Well Worth Reading, With Reservations.......2005-10-31
As seasoned readers know, your response to any work is a combination of its intrinsic merit and timing. Maybe this just wasn't the right time to read this novel. Maybe I'll come back at some future time to revisit this assessment.
It simply did not register with me as did Orwell's other, non-political fiction, including the charming Keep The Aspidistra Flying. Part of it, I believe, arises from the fact that the novel is written in the first-person, which can be limiting in that it restricts us to the narrator's vocabulary and deprives us of Orwell's magnificent facility with langauge.

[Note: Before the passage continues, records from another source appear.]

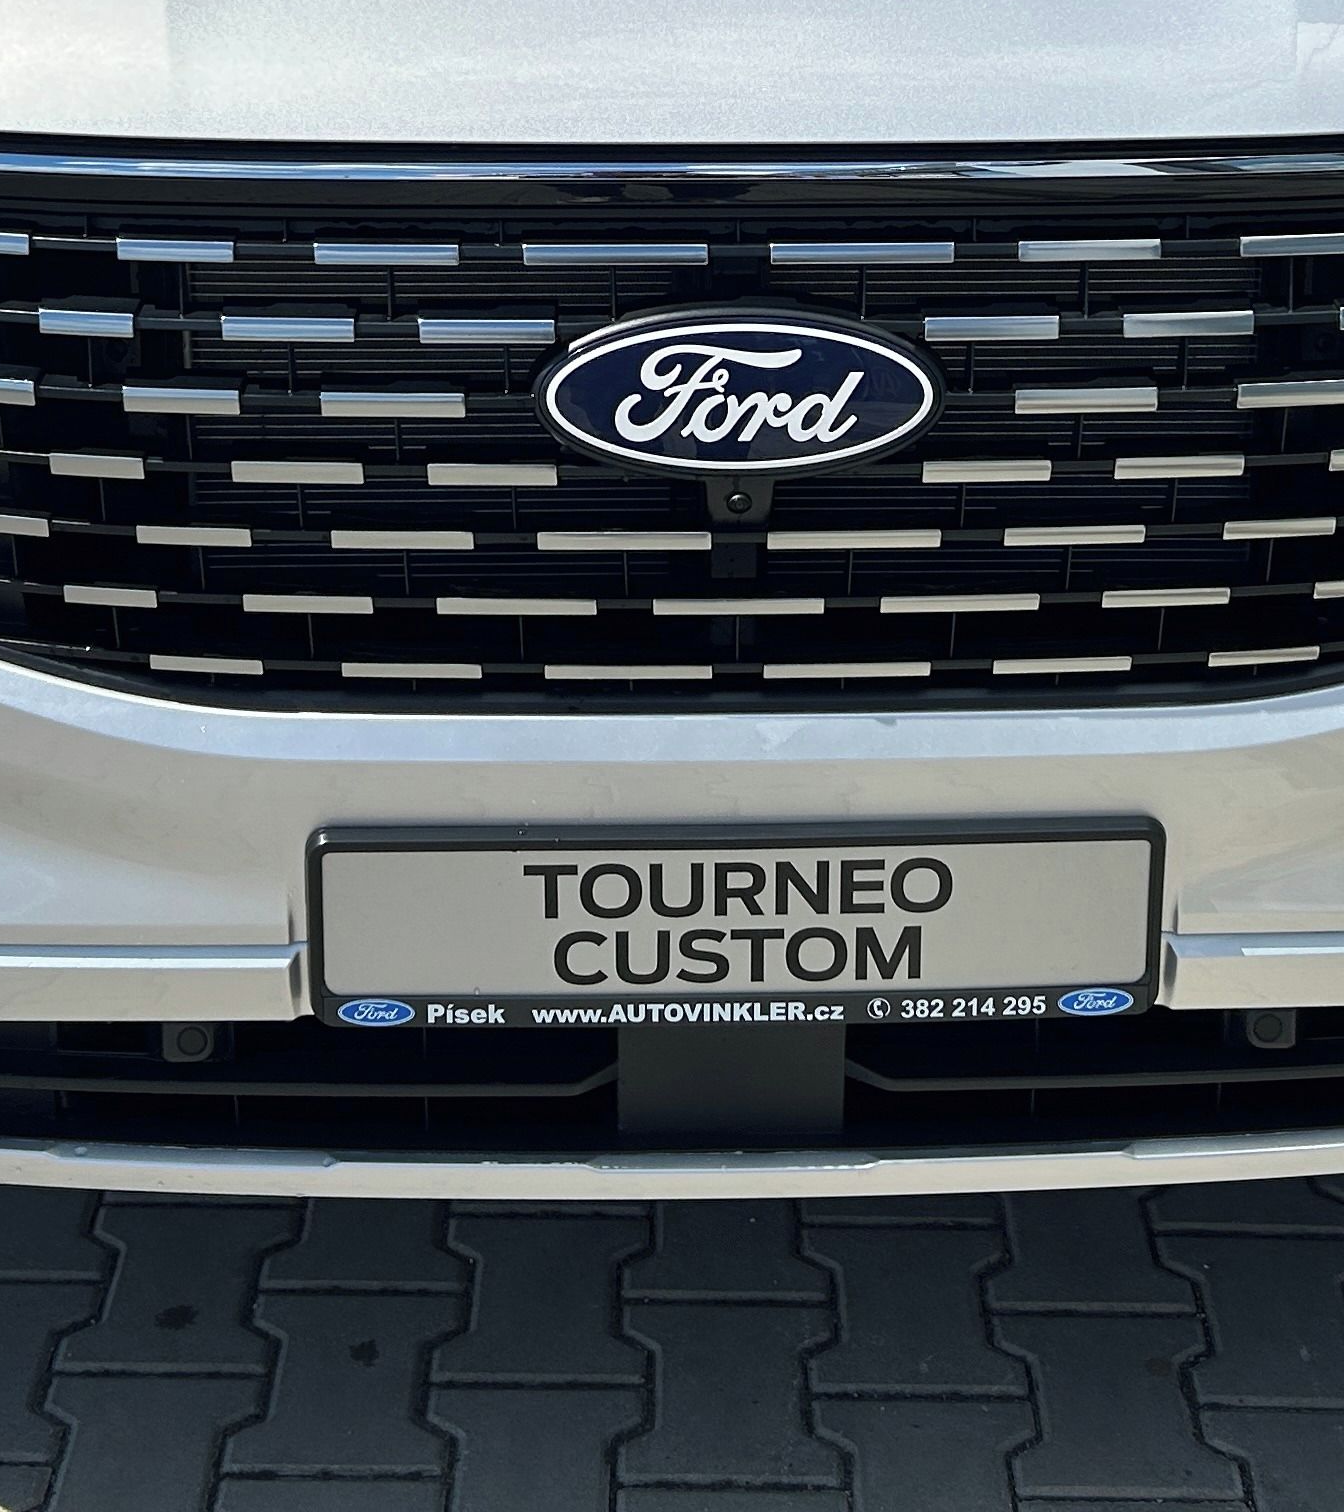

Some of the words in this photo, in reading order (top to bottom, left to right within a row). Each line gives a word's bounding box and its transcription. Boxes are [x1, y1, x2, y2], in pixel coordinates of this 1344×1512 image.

[614, 344, 865, 443] Ford
[522, 857, 954, 919] TOURNEO
[553, 925, 923, 986] CUSTOM
[353, 1003, 399, 1020] Ford
[427, 1003, 506, 1024] Písek
[531, 1001, 844, 1024] www.AUTOVINKLER.cz
[900, 999, 944, 1019] 382
[951, 997, 996, 1017] 214
[1002, 995, 1047, 1016] 295
[1072, 993, 1117, 1011] Ford
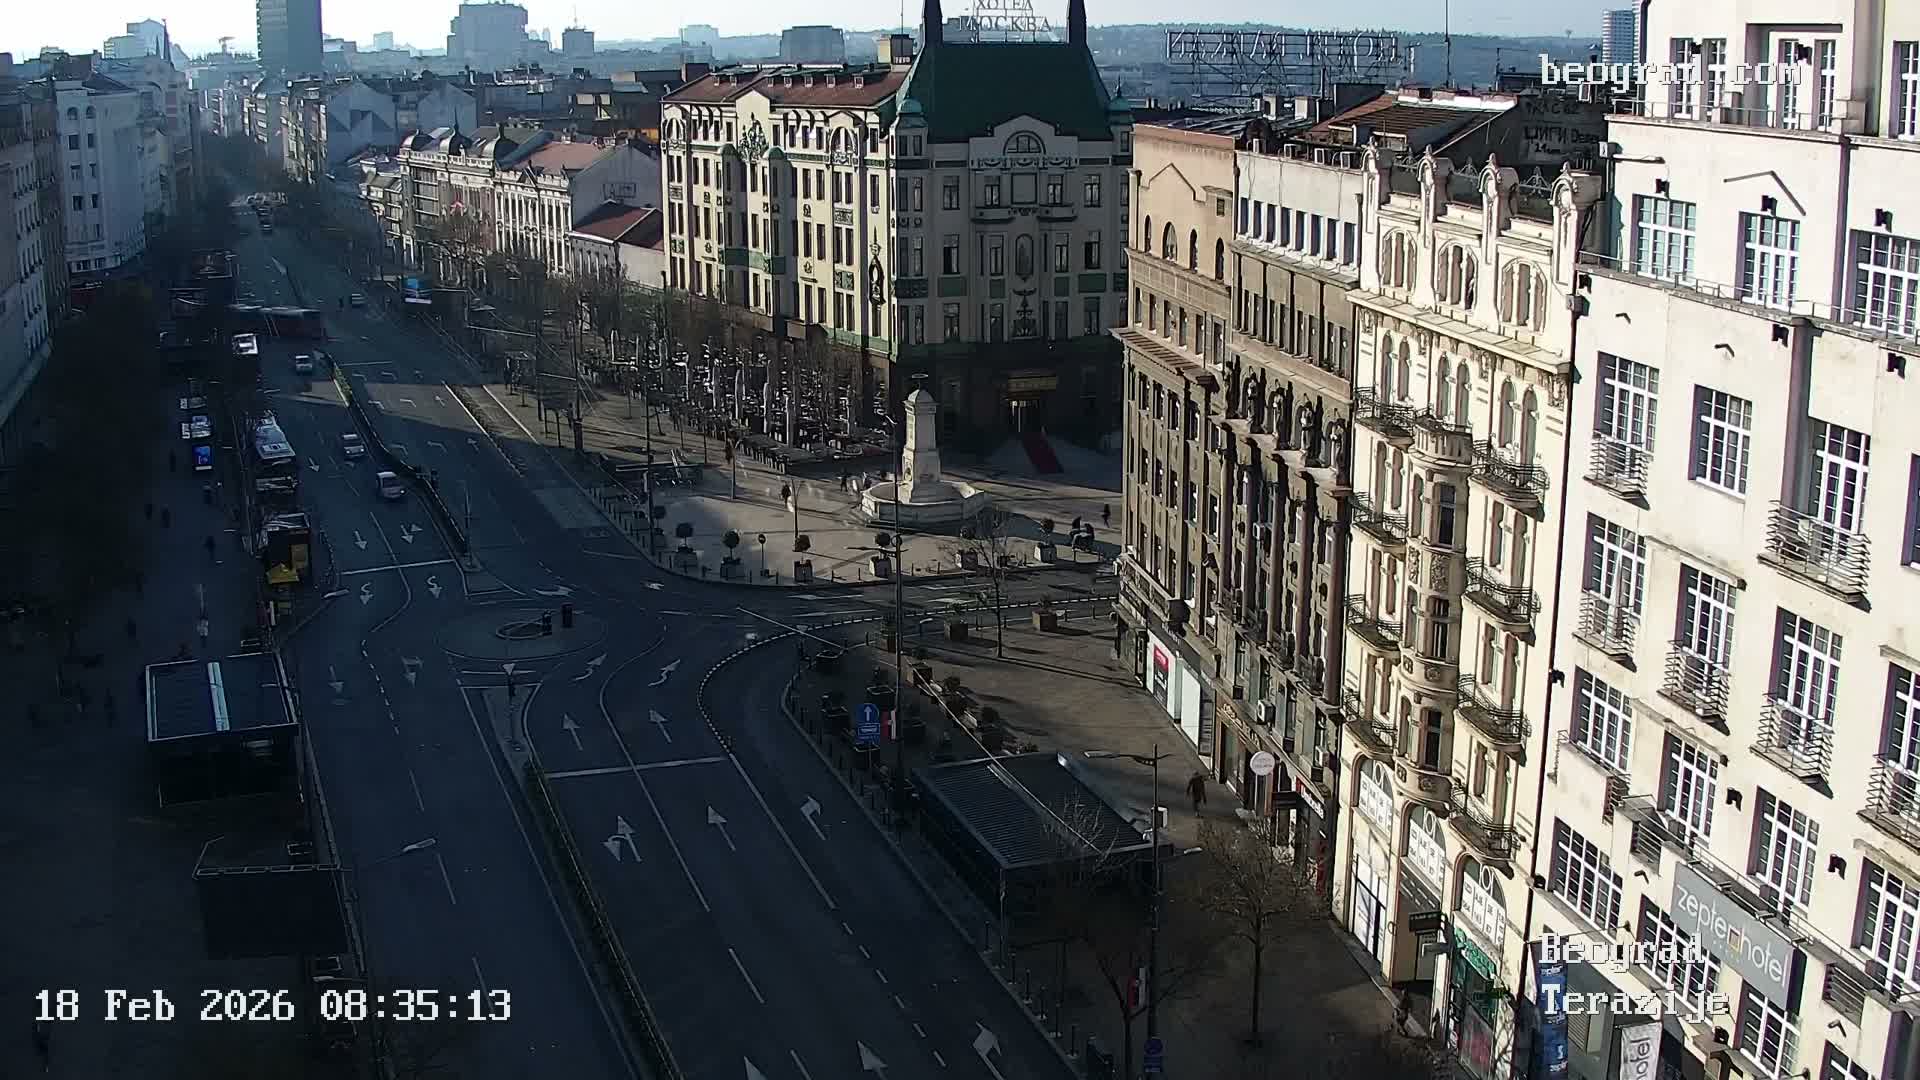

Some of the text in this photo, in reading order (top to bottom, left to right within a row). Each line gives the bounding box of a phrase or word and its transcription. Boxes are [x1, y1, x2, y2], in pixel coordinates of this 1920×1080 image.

[976, 0, 1034, 10] ХОТЕЛ
[959, 15, 1052, 32] МОСКВА
[1739, 924, 1789, 989] hotel
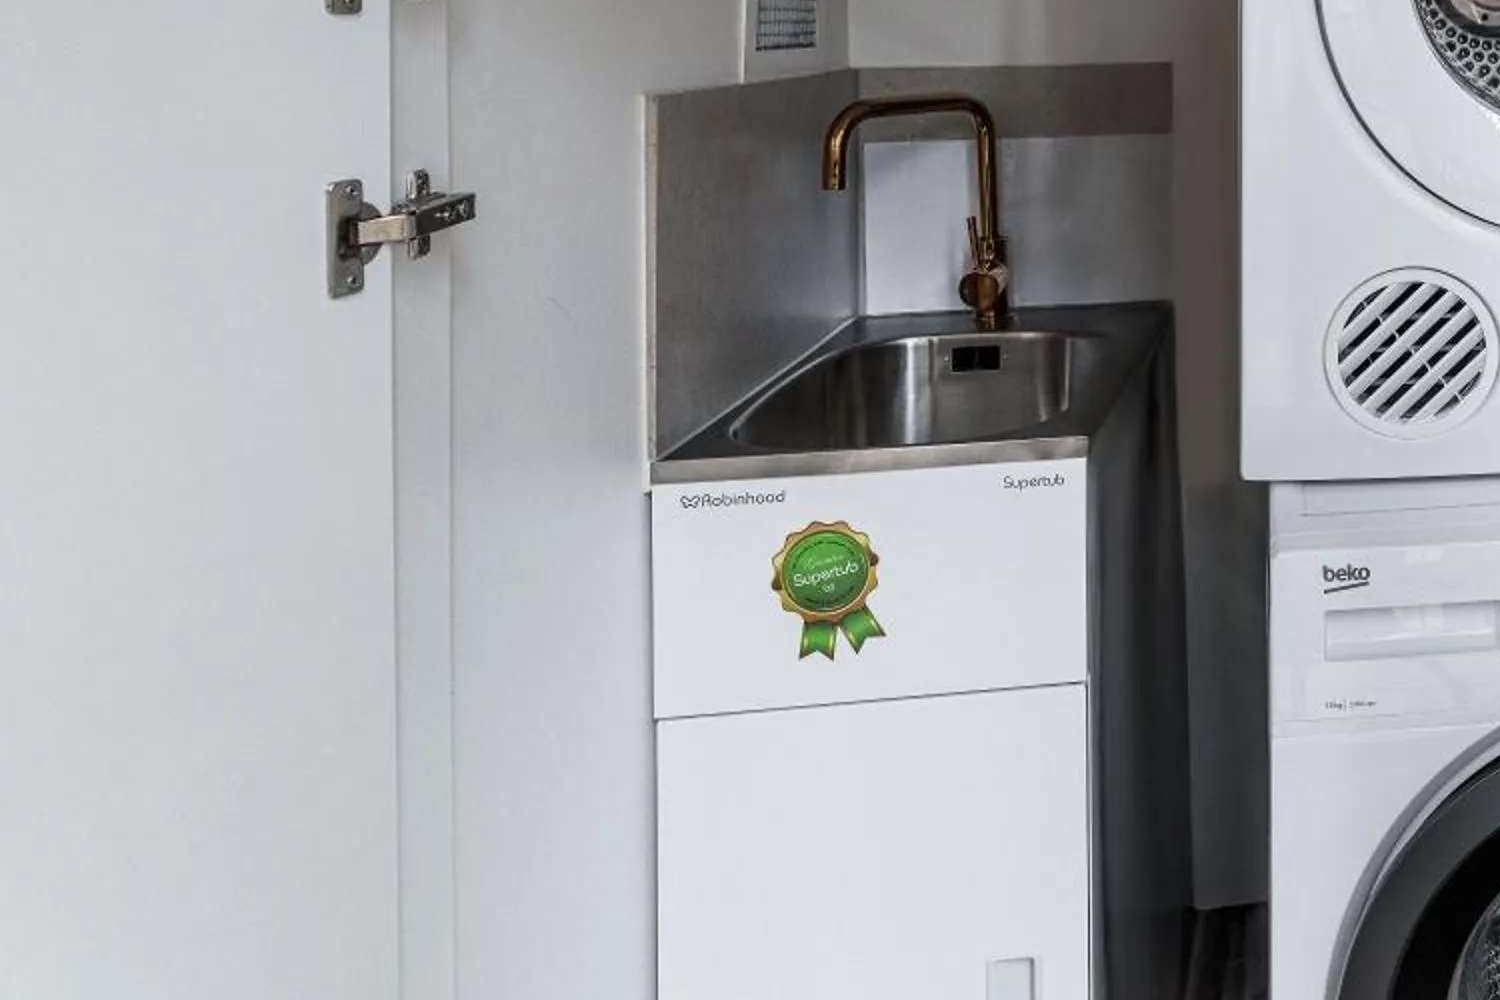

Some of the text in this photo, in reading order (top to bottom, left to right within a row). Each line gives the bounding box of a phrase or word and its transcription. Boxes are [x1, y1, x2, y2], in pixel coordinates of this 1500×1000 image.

[1003, 474, 1065, 493] Supertub
[701, 489, 785, 508] Robinhood
[793, 560, 859, 587] Supertub
[1322, 563, 1371, 582] beko

Now, as to the novel's merits. George "Fatty" Bowles, who, having won 17 pounds on a horse race, decides to use his winnings to escape and reflect upon his life for a week -- or, as he puts it, "to come up for air" -- is an engaging everyman, a person in whom all we old, ossified married types see ourself, and he captures perfectly the horrible nexus between memory and desire that a man's fifth decade often is. As he visits the town of his birth to witness how time has effaced its charm, we are with him all the way. His reflection on the approaching war is both moving and memorable. Because the first world war did not happen on our shores, it's hard for us to imagine its impact on the English imagination as that nation anticipated a reprise of that horrific, generation-destroying event. Orwell captures this dreadful anticipation very convincingly.
Finally, there's this: among all the people who have ever struggled for the poor and the middle-class, Orwell seems to have struggled more earnestly, yet to have been exempt from the tendency to idealize the people he was trying to help. Bowles is no one's ideal; he's just pretty much everyone's reality. He is convincingly middle-classed.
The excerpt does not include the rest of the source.